Lines before the one containing "this 1920×1280 image." in the records below are to be left out; that line and all after it, through the end, are to be retyped exactly.

Image-backed grounding data:
# # # # # # #

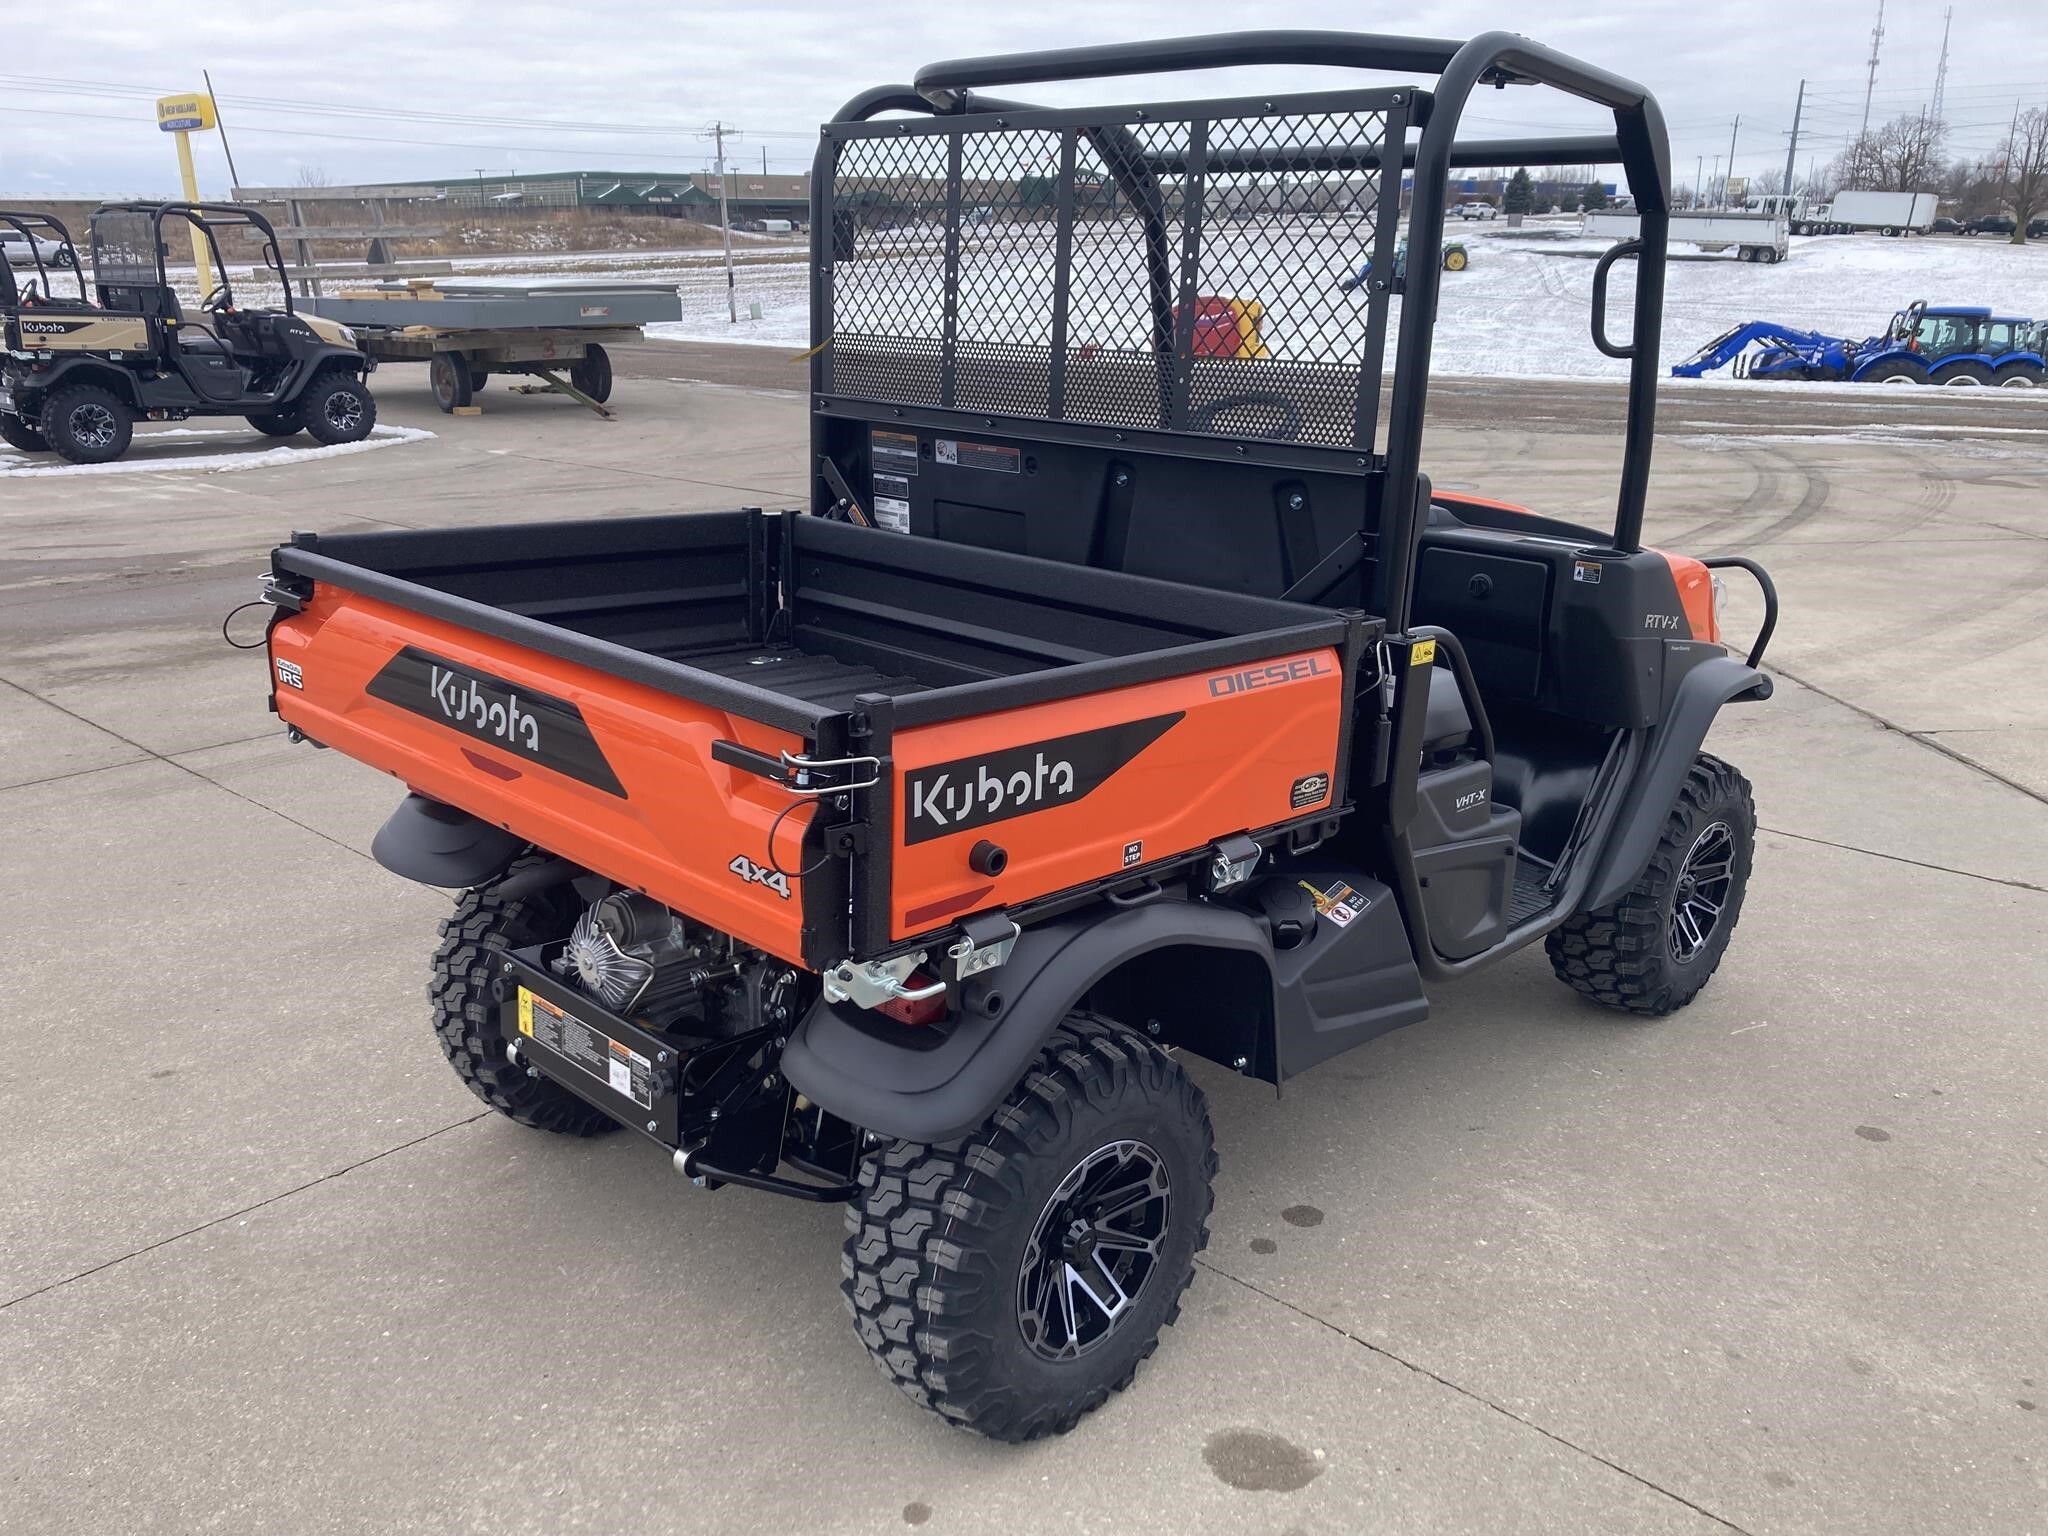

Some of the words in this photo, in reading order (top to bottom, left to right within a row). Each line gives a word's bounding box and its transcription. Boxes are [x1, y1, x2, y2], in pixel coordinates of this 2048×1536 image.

[23, 322, 65, 333] Kubota
[1645, 614, 1679, 630] RTV-X
[278, 668, 303, 689] IRS
[1208, 658, 1332, 697] DIESEL
[430, 665, 539, 752] Kubota
[913, 752, 1074, 826] Kubota
[1456, 788, 1486, 808] VHT-X
[1125, 852, 1141, 863] STEP
[1128, 845, 1138, 854] NO
[1348, 895, 1358, 904] NO
[1351, 897, 1364, 910] STEP
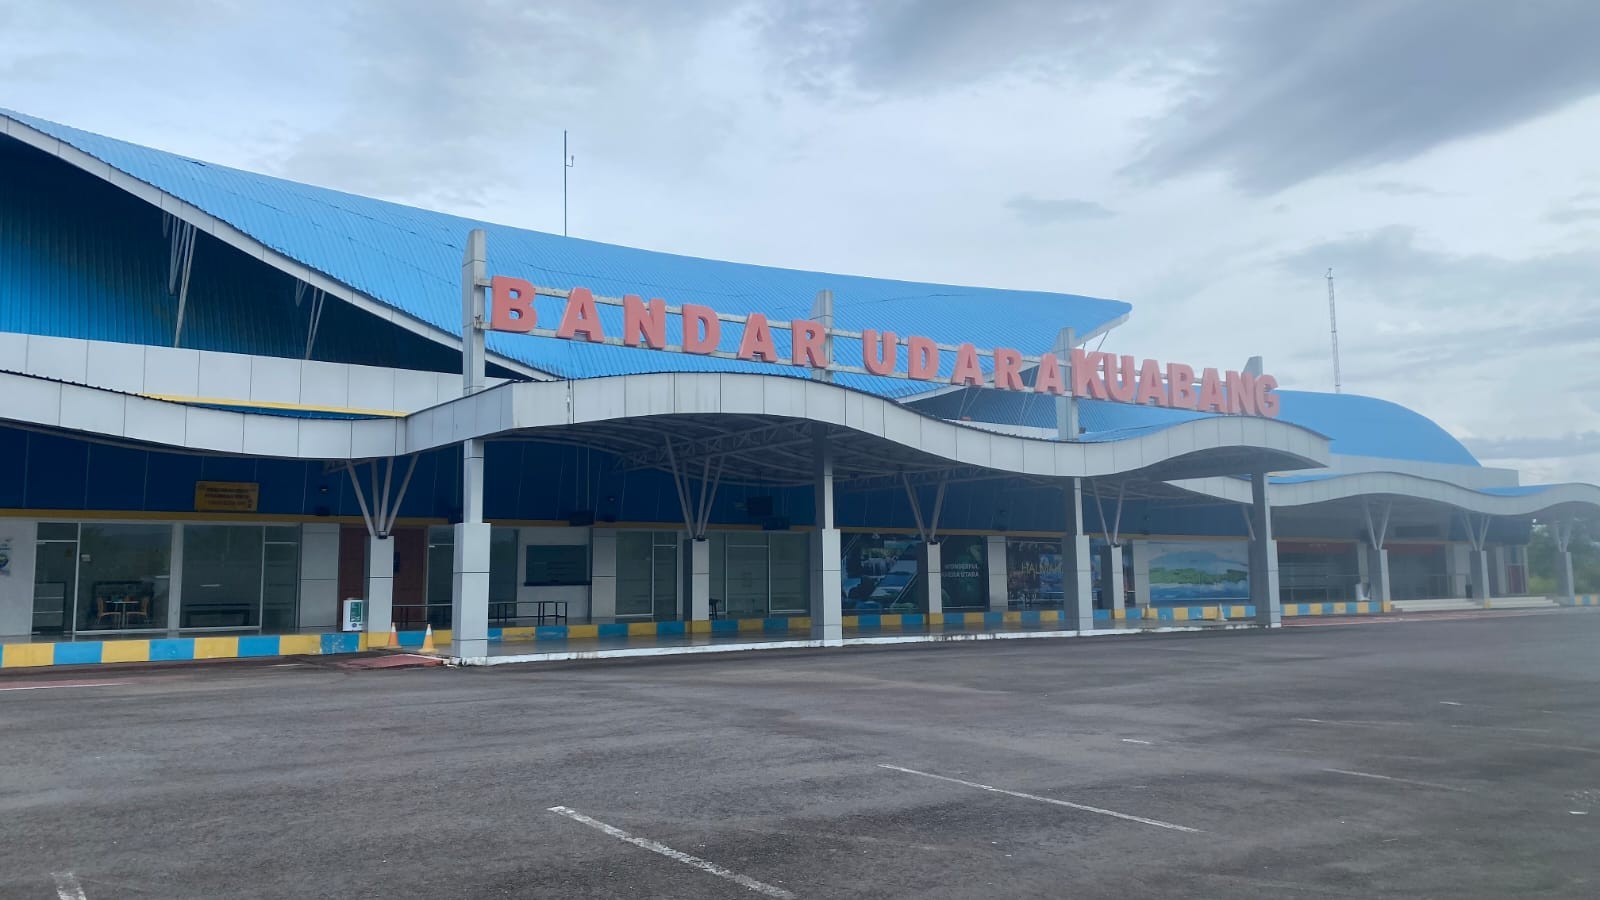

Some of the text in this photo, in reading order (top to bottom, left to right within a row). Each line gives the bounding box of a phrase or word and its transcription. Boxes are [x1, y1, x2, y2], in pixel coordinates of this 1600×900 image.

[491, 275, 1280, 417] BANDAR UDARA KUABANG
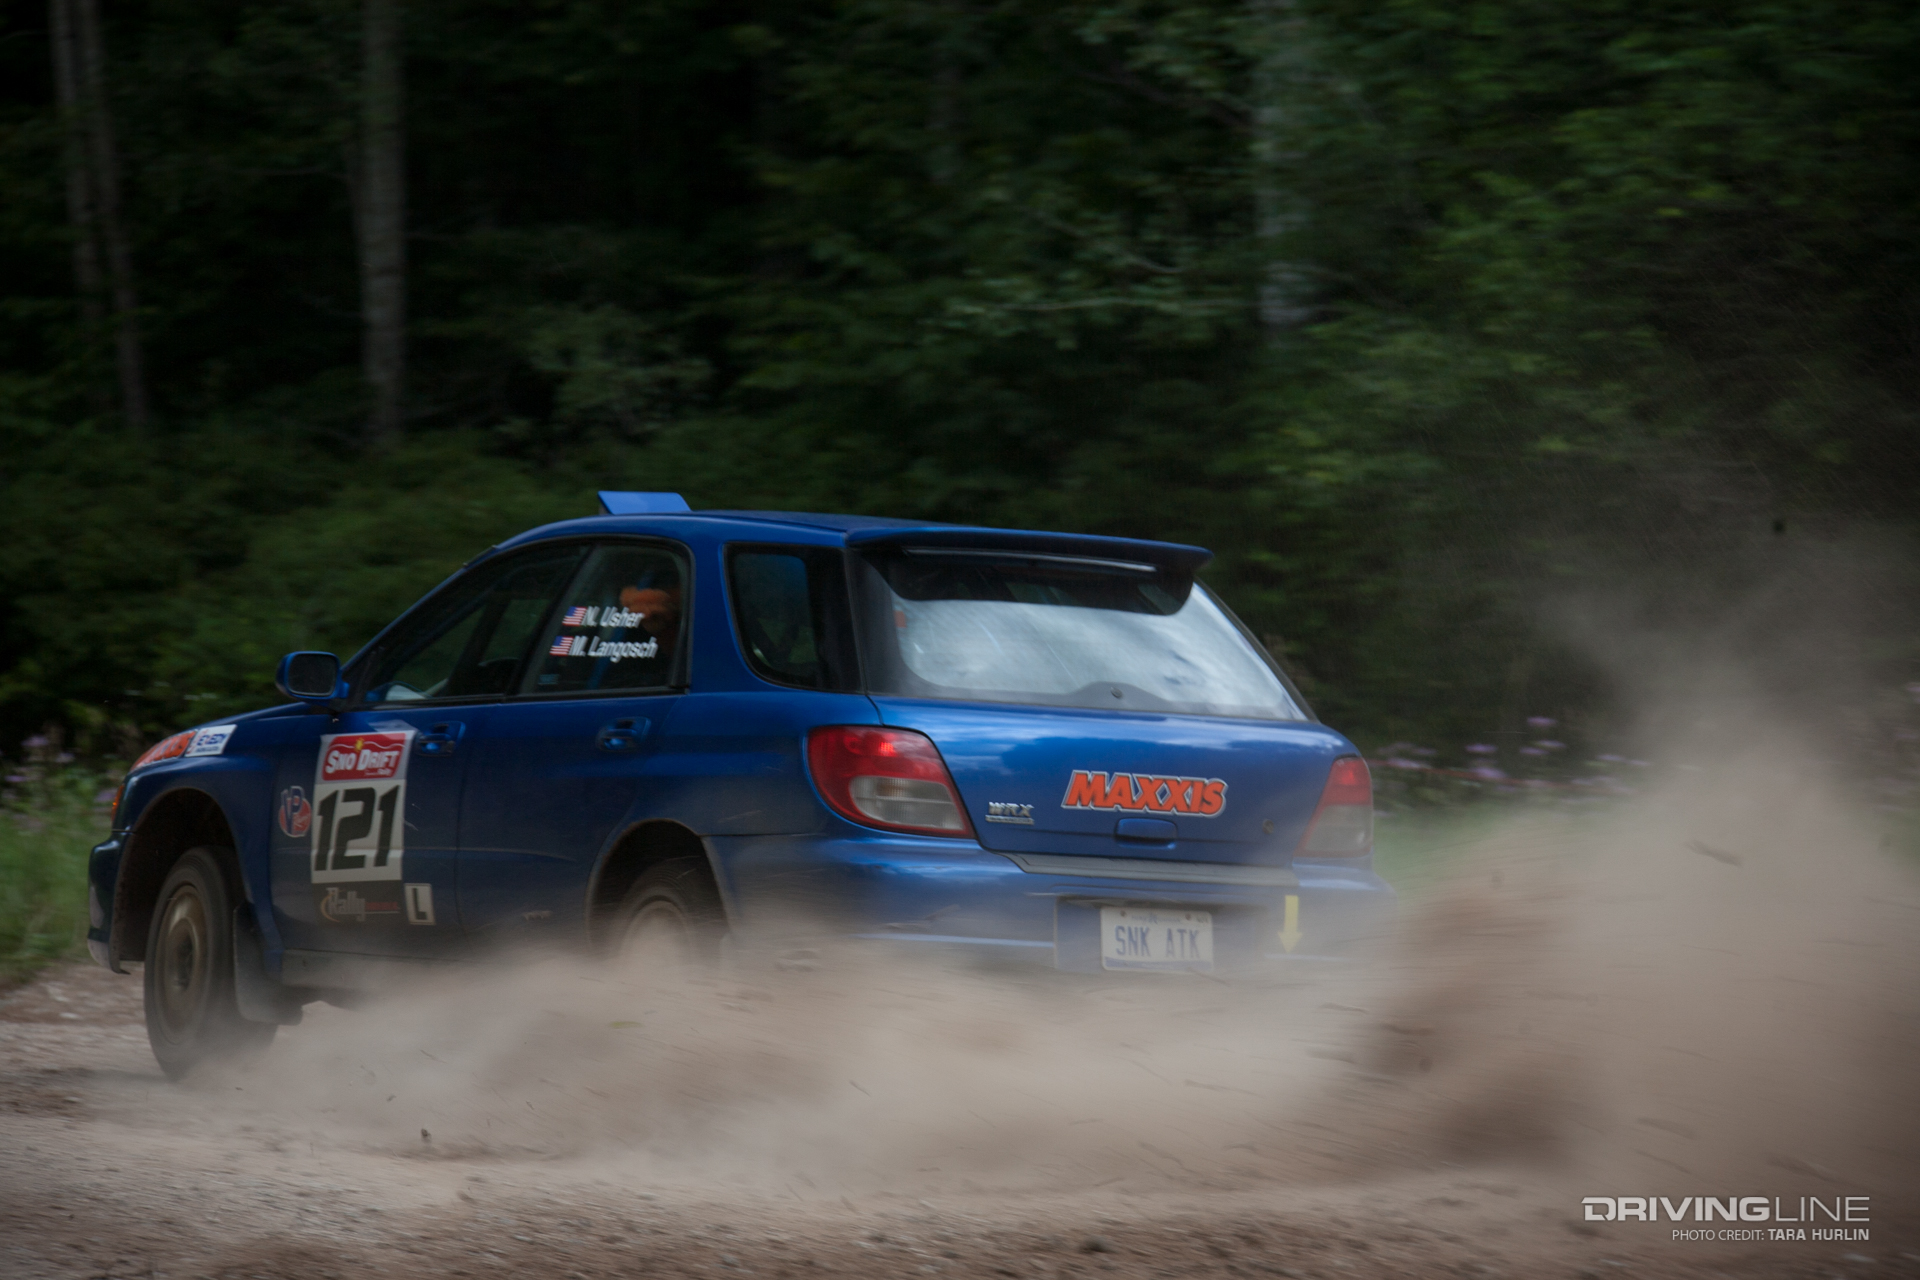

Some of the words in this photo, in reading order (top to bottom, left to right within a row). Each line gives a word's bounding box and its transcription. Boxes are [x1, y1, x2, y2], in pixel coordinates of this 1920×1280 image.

[580, 606, 600, 627] N.
[600, 606, 645, 628] Usher
[568, 635, 588, 657] M.
[587, 635, 659, 664] Langosch
[988, 801, 1035, 817] WRX
[1061, 769, 1229, 819] MAXXIS
[314, 785, 401, 871] 121
[413, 887, 428, 920] L
[1114, 925, 1152, 957] SNK
[1166, 927, 1200, 959] ATK

# # # # # # #

- [Reply]:
Some of the words in this photo, in reading order (top to bottom, left to right within a row). Each line gives a word's bounding box and its transcription. Boxes are [x1, y1, x2, y2], in pixel coordinates of this 1920×1280 image.

[580, 606, 600, 627] N.
[600, 606, 645, 628] Usher
[568, 635, 588, 657] M.
[587, 635, 659, 664] Langosch
[988, 801, 1035, 817] WRX
[1061, 769, 1229, 819] MAXXIS
[314, 785, 401, 871] 121
[413, 887, 428, 920] L
[1114, 925, 1152, 957] SNK
[1166, 927, 1200, 959] ATK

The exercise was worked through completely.